Aglukkaq is the minister responsible for the Arctic Council – a cooperative forum of the eight circumpolar countries including Canada, Denmark, Finland, Iceland, Norway, Sweden, Russia and the U.S. She was in Whitehorse on Nov. 2 to meet with territorial leaders, aboriginal groups and stakeholders to discuss what issues they want raised at the council.
“It’s important to me as a northerner and as the new minister for Arctic Council to consult with northerners on ideas they may have, related to what our priorities may be during our chairmanship,” said Aglukkaq.
Those priorities include protecting Canada’s Arctic sovereignty, promoting economic and social development and ensuring the people of the North are part of a dialogue as resource development increases in the Arctic, she said.
Ruth Massie, grand chief of the Council of Yukon First Nations, took part in the meetings last Friday. She’s encouraged by the minister seeking input from the Yukon’s First Nations.
“The biggest issue that’s on their agenda is sustainable development in the North and opening of the Northwest Passage. She was very correct to come to meet with the people in the North. As she said, she wants to chair it for the benefit of the people of the North,” said Massie.
The CYFN is a permanent member of the Arctic Council.
Massie said she hopes that the dialogue continues once Canada takes over the Arctic council chair.
“It’s good relationship building, but in time we will also require her support for our initiatives and concerns,” said Massie.

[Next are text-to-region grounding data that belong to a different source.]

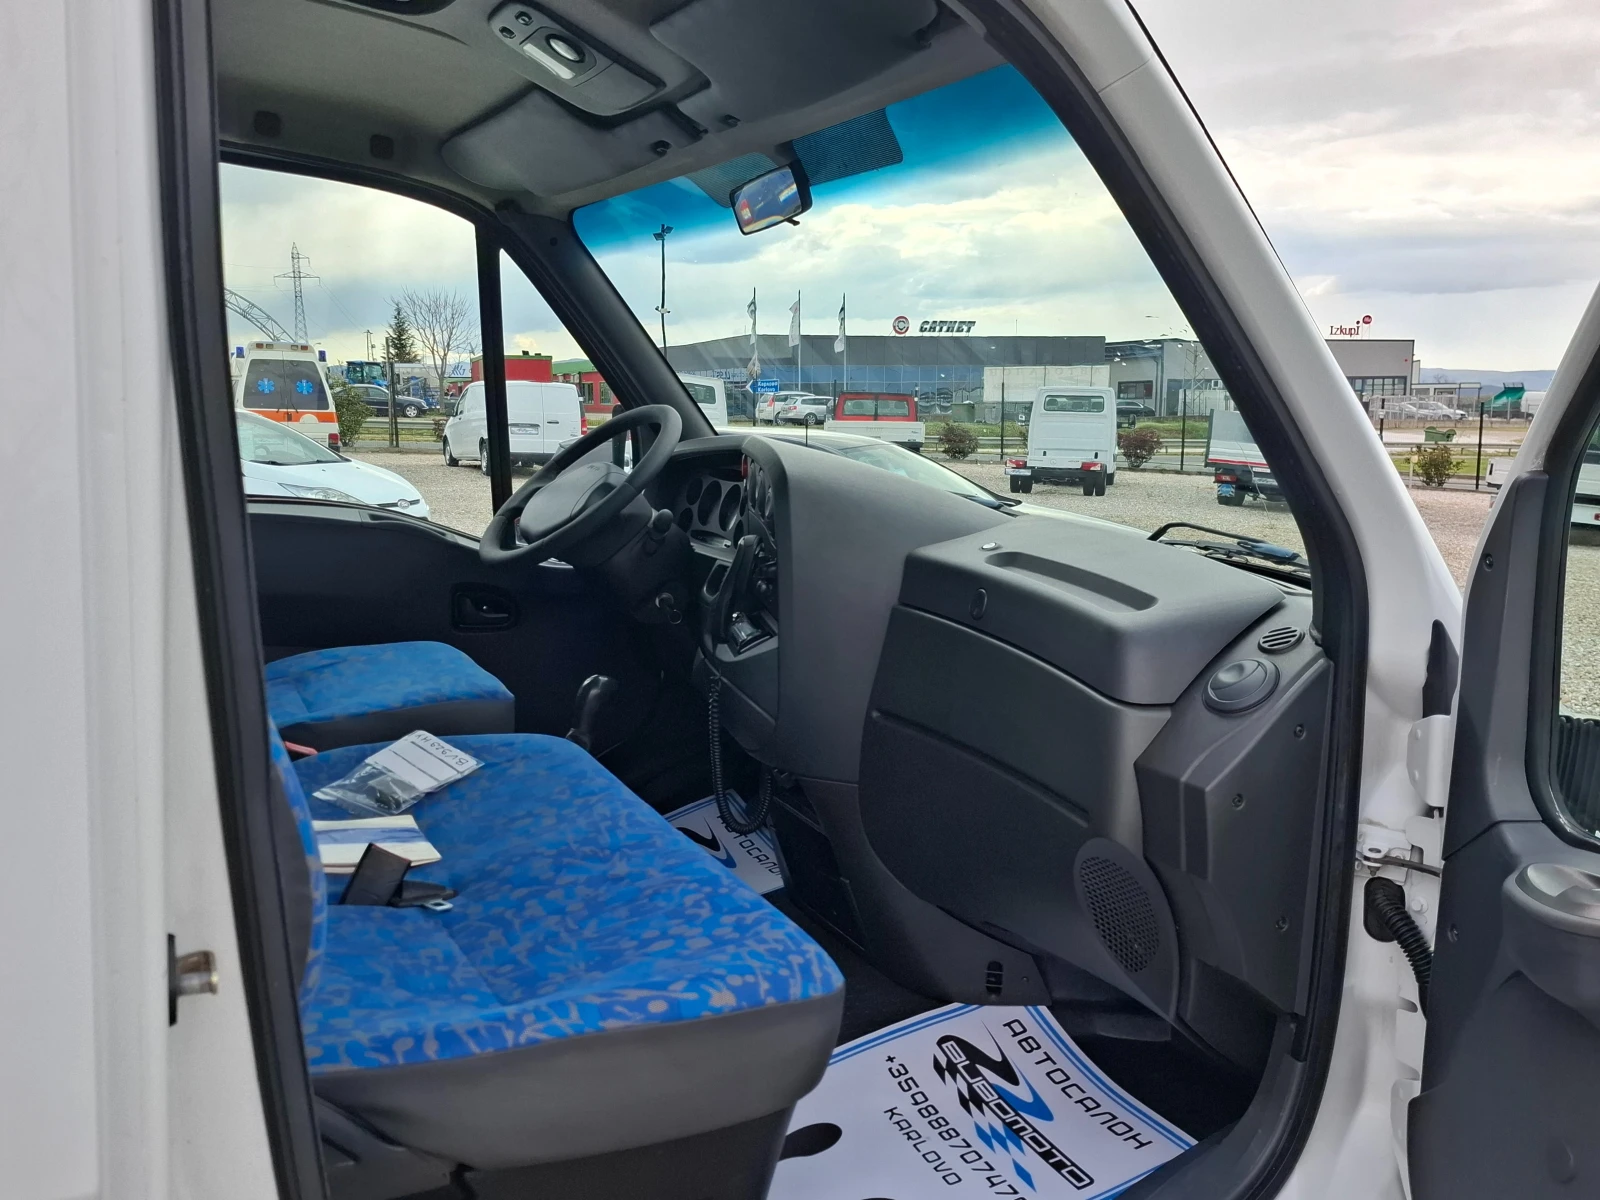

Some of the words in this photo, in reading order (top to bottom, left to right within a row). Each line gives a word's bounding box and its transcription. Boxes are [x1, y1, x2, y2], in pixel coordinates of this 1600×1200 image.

[884, 1105, 963, 1186] KARLOVO
[885, 1054, 1028, 1200] +35988870747
[1002, 1018, 1153, 1150] АВТОСАЛОН
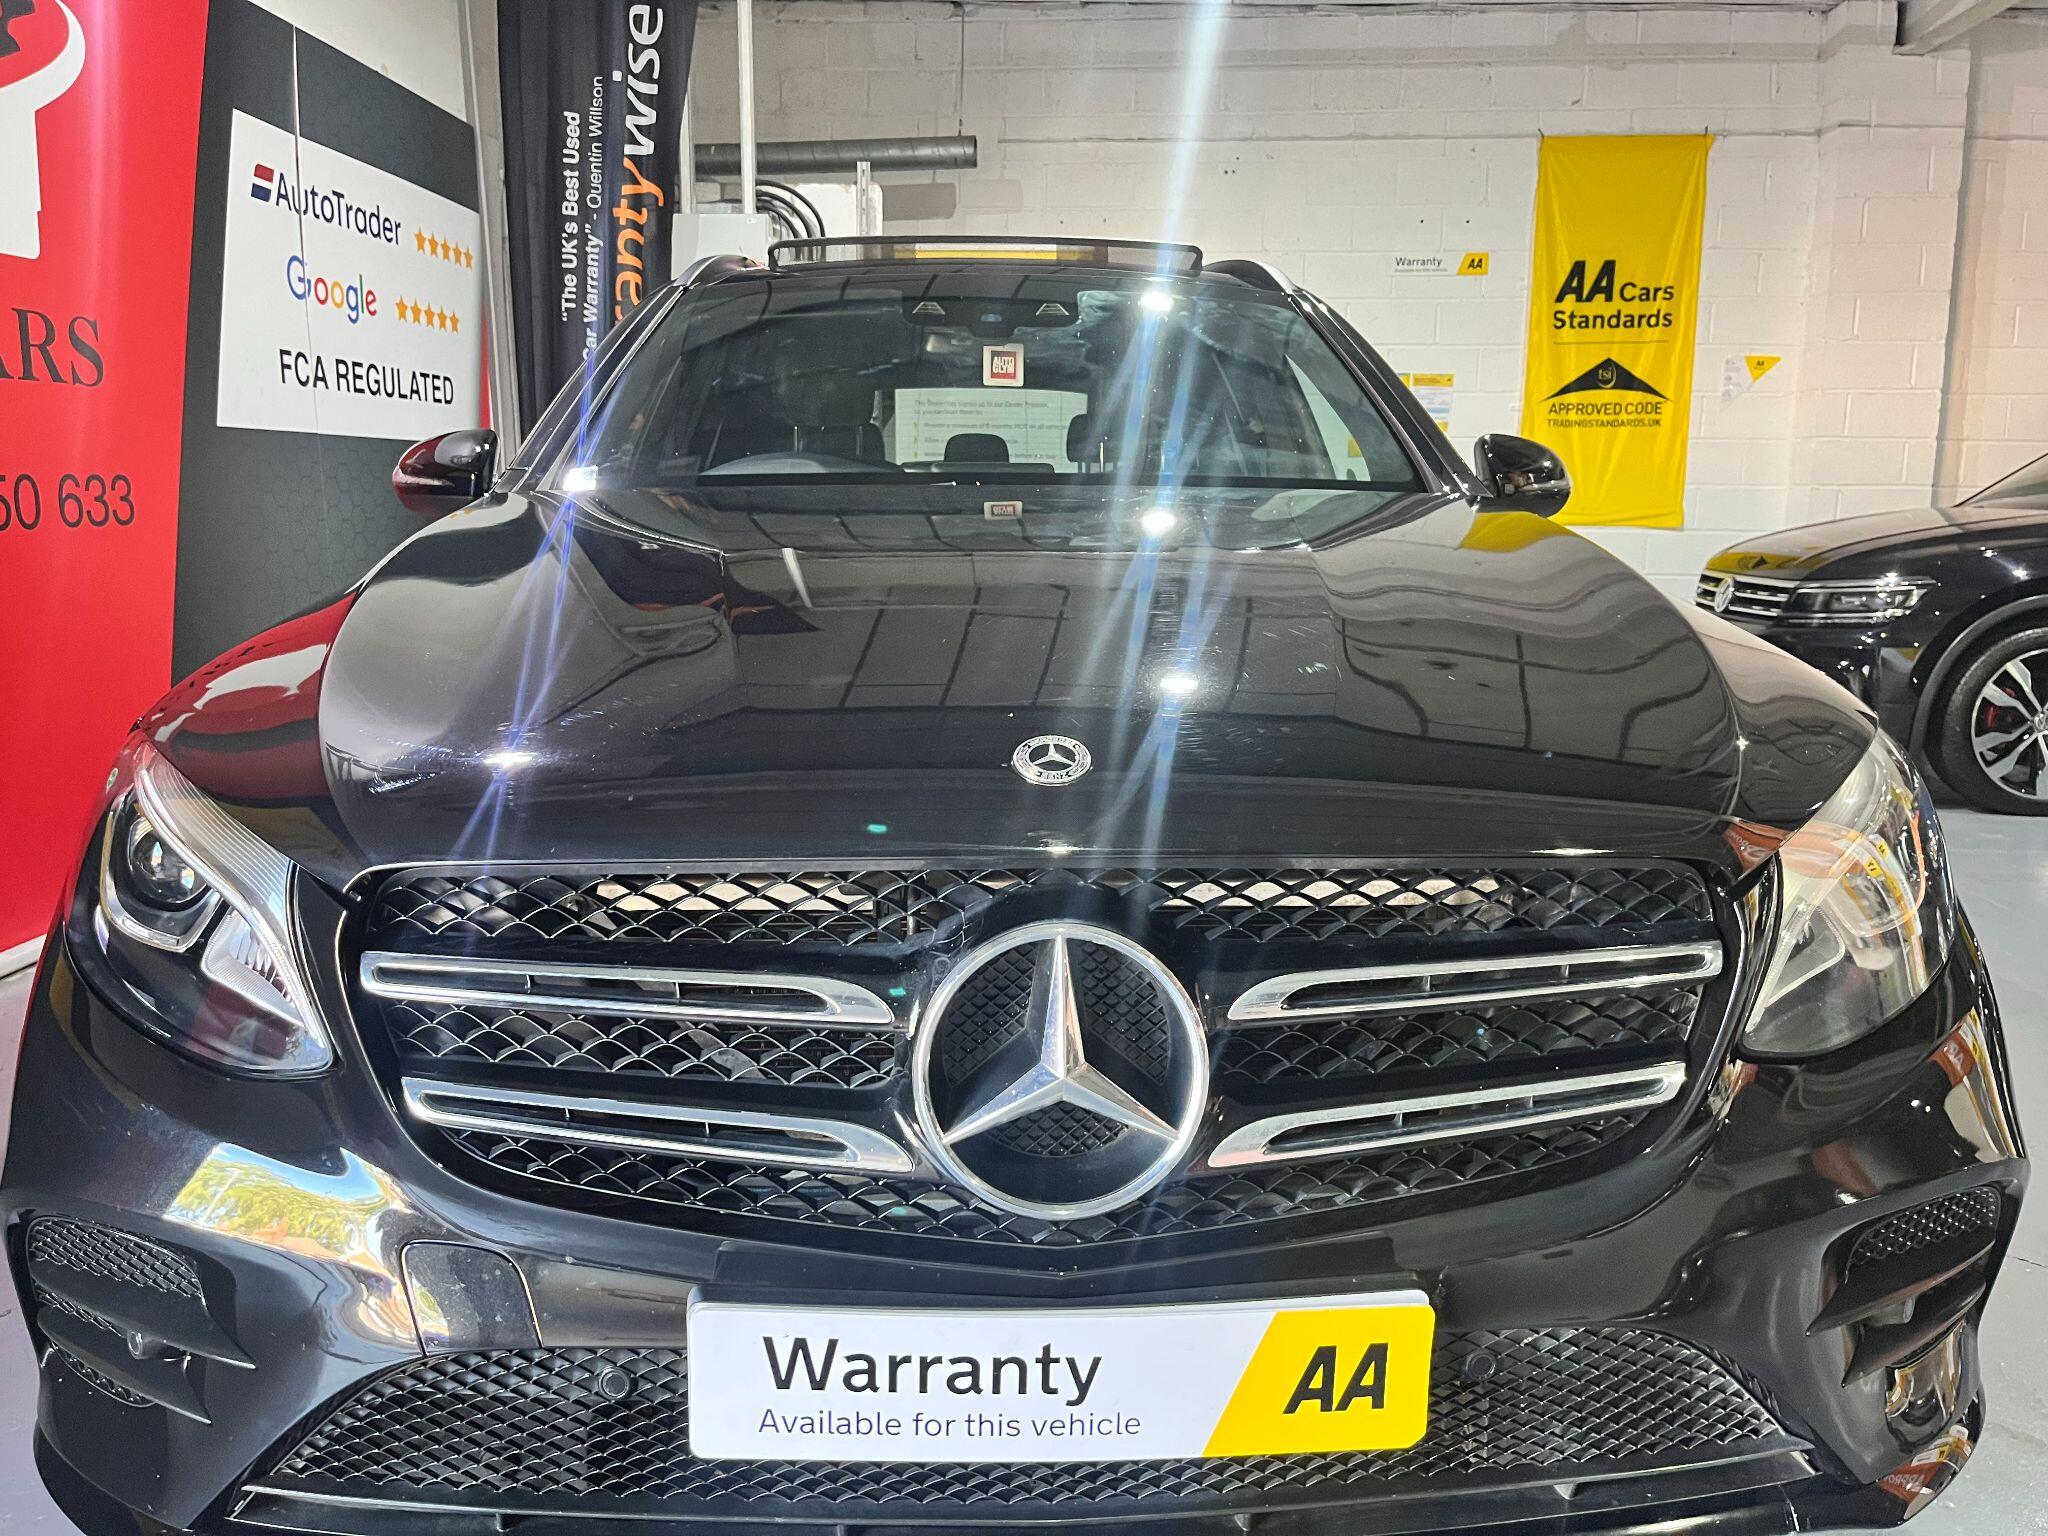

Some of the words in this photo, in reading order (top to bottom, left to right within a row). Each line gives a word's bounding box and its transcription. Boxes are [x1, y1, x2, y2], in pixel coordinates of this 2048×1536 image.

[588, 76, 604, 137] Willson
[563, 111, 581, 164] Used
[562, 169, 580, 216] Best
[586, 142, 603, 210] Quentin
[275, 171, 401, 245] AutoTrader
[286, 254, 377, 324] Google
[1395, 256, 1442, 267] Warranty
[1467, 258, 1483, 269] AA
[1554, 259, 1617, 303] AA
[1619, 281, 1675, 302] Cars
[0, 308, 104, 387] RS
[1553, 309, 1673, 330] Standards
[279, 348, 329, 390] FCA
[335, 358, 455, 405] REGULATED
[1547, 402, 1622, 415] APPROVED
[1624, 402, 1662, 415] CODE
[57, 473, 136, 529] 633
[762, 1335, 1103, 1407] Warranty
[1282, 1342, 1389, 1415] AA
[758, 1408, 902, 1437] Available
[912, 1412, 956, 1437] for
[964, 1412, 1021, 1438] this
[1031, 1411, 1142, 1437] vehicle

The biggest one is climate change.
“I don’t think that they (the federal government) have enough information, and I’m glad that they are conferring with us because we have that information. We have been doing projects in the North for some time, and we have research stations here in the North as well. Canada is in some ways just catching up to the discussions. She needs to know that this information exists, and if we can support her as the chair, all the better,” she said.
The Arctic council works on a consensus model, and Massie has experience dealing with it in the past.

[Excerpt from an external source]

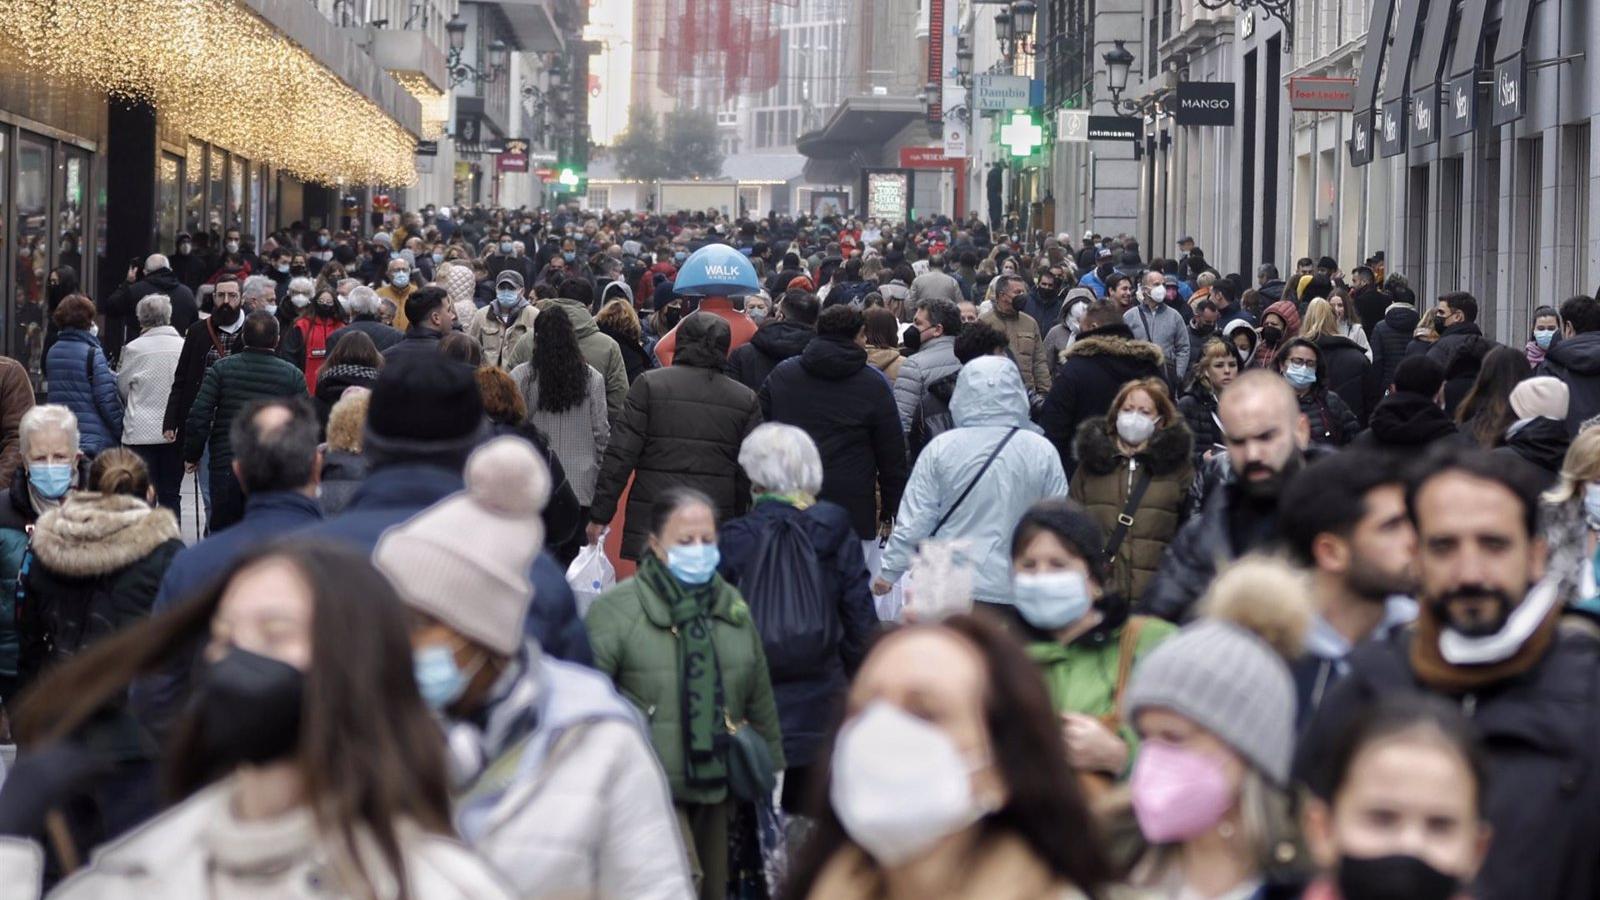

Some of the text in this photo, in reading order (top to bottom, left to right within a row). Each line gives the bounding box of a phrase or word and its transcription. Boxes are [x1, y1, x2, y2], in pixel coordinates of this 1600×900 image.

“I had an experience at the 1998 Arctic Council meeting in Whitehorse. I went to the opening remarks, and ended up chairing the meeting for the whole day. When you’re sitting there with so many heads of state from countries all over the place, when you can actually add value to the conversation with common sense, it’s great,” said Massie.

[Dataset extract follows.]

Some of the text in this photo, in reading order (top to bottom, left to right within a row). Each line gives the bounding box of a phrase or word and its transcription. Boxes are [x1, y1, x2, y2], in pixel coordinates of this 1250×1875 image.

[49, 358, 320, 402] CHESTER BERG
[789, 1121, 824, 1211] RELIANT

Aglukkaq said that Canada will hold 30 meetings with stakeholders over the course of its two-year chairmanship. She said her new Minister’s Regional Office in Whitehorse will be an important link between northerners and Ottawa.
“We have a team here on the ground that is a direct link to ministerial offices in Ottawa. It’s important for our government to work with northerners to move our policy forward,” said Aglukkaq.
The office, tucked away behind a key-pad locked door on the third floor of the Hougen Centre, cost $826,926.40 to set up, and will require an expected $304,105.73 a year to maintain.
Aglukkaq was unclear about exactly how the new office will benefit Yukoners, saying only that it brings the Yukon up to par with the provinces, which have had similar offices since the 1980s.
“It’s an opportunity again for my staff here to work with local people, to send our message out, to have an office to come to meet with my staff. It’s very important,” she said.